Mesmo depois de todo esse lote ter sido comprado e queimado, o “Novo Testamento” de Tyndale continuou a entrar na Inglaterra. Como isso foi possível? Hans e Christopher van Ruremond, dois corajosos editores de Antuérpia, haviam imprimido diversas edições clandestinas do “Novo Testamento” de Tyndale. Embora houvesse muitos erros tipográficos nessas Bíblias, o povo na Inglaterra estava ansioso por adquiri-las.

Mas, em 1528, Hans foi preso em Londres por imprimir 1.500 exemplares do “Novo Testamento” de Tyndale e introduzir 500 exemplares na Inglaterra. Provavelmente ele morreu numa prisão inglesa. Em 1531, Christopher, irmão de Hans, também foi preso na Inglaterra por vender o “Novo Testamento”. É provável que ele também tenha morrido na prisão.

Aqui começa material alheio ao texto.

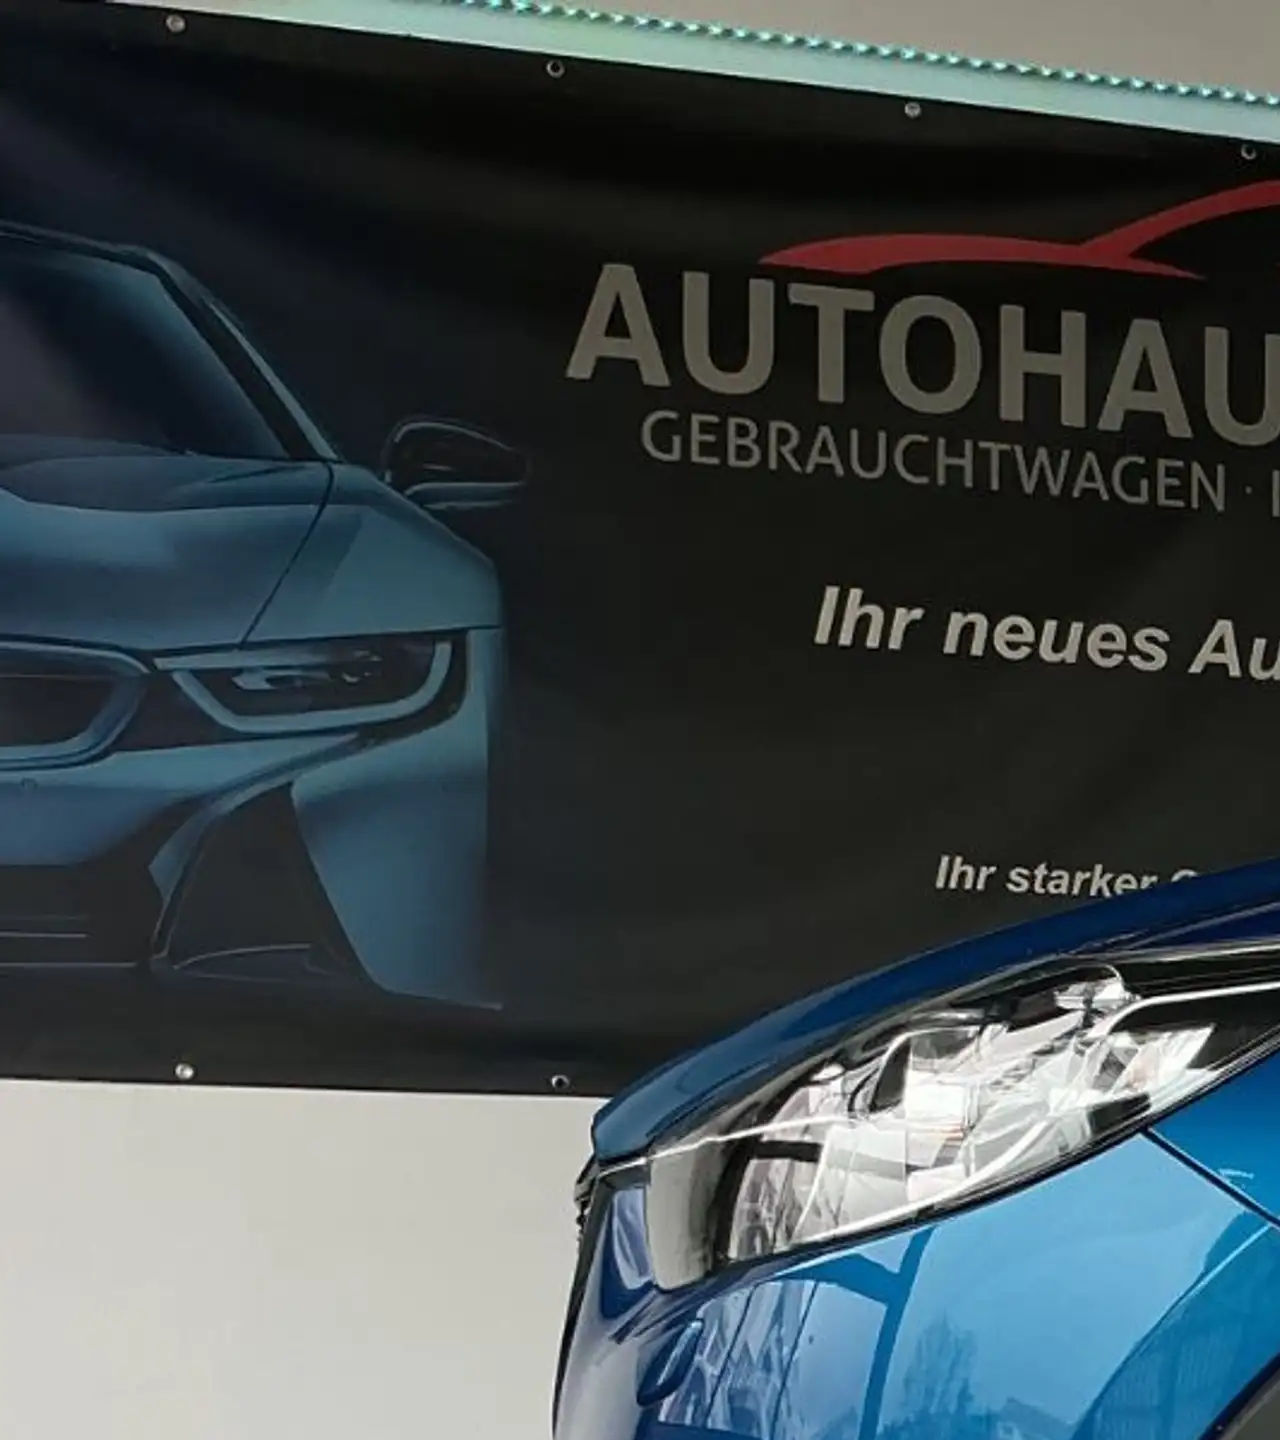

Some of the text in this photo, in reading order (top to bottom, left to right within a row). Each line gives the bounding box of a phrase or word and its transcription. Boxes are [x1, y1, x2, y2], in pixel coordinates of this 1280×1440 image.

[640, 409, 1225, 513] GEBRAUCHTWAGEN
[813, 585, 924, 651] Ihr
[943, 609, 1171, 673] neues
[935, 855, 996, 892] Ihr

“O maior legado de Tyndale” — impresso em Antuérpia

De 1529 a 1535, Tyndale passou a maior parte do tempo em Antuérpia, onde o ambiente era mais propício ao seu trabalho. Ali, em 1530, Merten de Keyser imprimiu a tradução de Tyndale do Pentateuco, onde o nome de Jeová apareceu pela primeira vez em inglês.

Em maio de 1535, Tyndale foi preso em Antuérpia. Enquanto ele definhava na prisão, Miles Coverdale, um de seus discípulos, terminou a tradução de Tyndale das Escrituras Hebraicas. Em 6 de outubro de 1536, em Vilvoorde, na Bélgica, Tyndale foi amarrado numa estaca, estrangulado e queimado. Suas últimas palavras foram: “Senhor, abre os olhos do rei da Inglaterra!”

A influência de Tyndale

Pouco depois da execução de Tyndale, o Rei Henrique VIII, da Inglaterra, consentiu que uma tradução da Bíblia aprovada por ele fosse lida nas igrejas. Tratava-se de uma impressão de Matthias Crom, outro editor de Antuérpia. Essa Bíblia, conhecida como a Bíblia de Matthew (em homenagem a Thomas Matthew), consiste essencialmente na tradução de Tyndale. * Que ironia! Os bispos usavam a tradução que haviam queimado anos antes — a tradução pela qual Tyndale havia sido executado!

Grande parte da tradução de Tyndale se acha preservada na King James Version (Versão Rei Jaime). Assim, muitas expressões dessa versão que tiveram forte influência na língua inglesa foram cunhadas por Tyndale e originalmente publicadas em Antuérpia. Segundo o professor Latré, nem mesmo Shakespeare teve tanta influência na língua inglesa como Tyndale!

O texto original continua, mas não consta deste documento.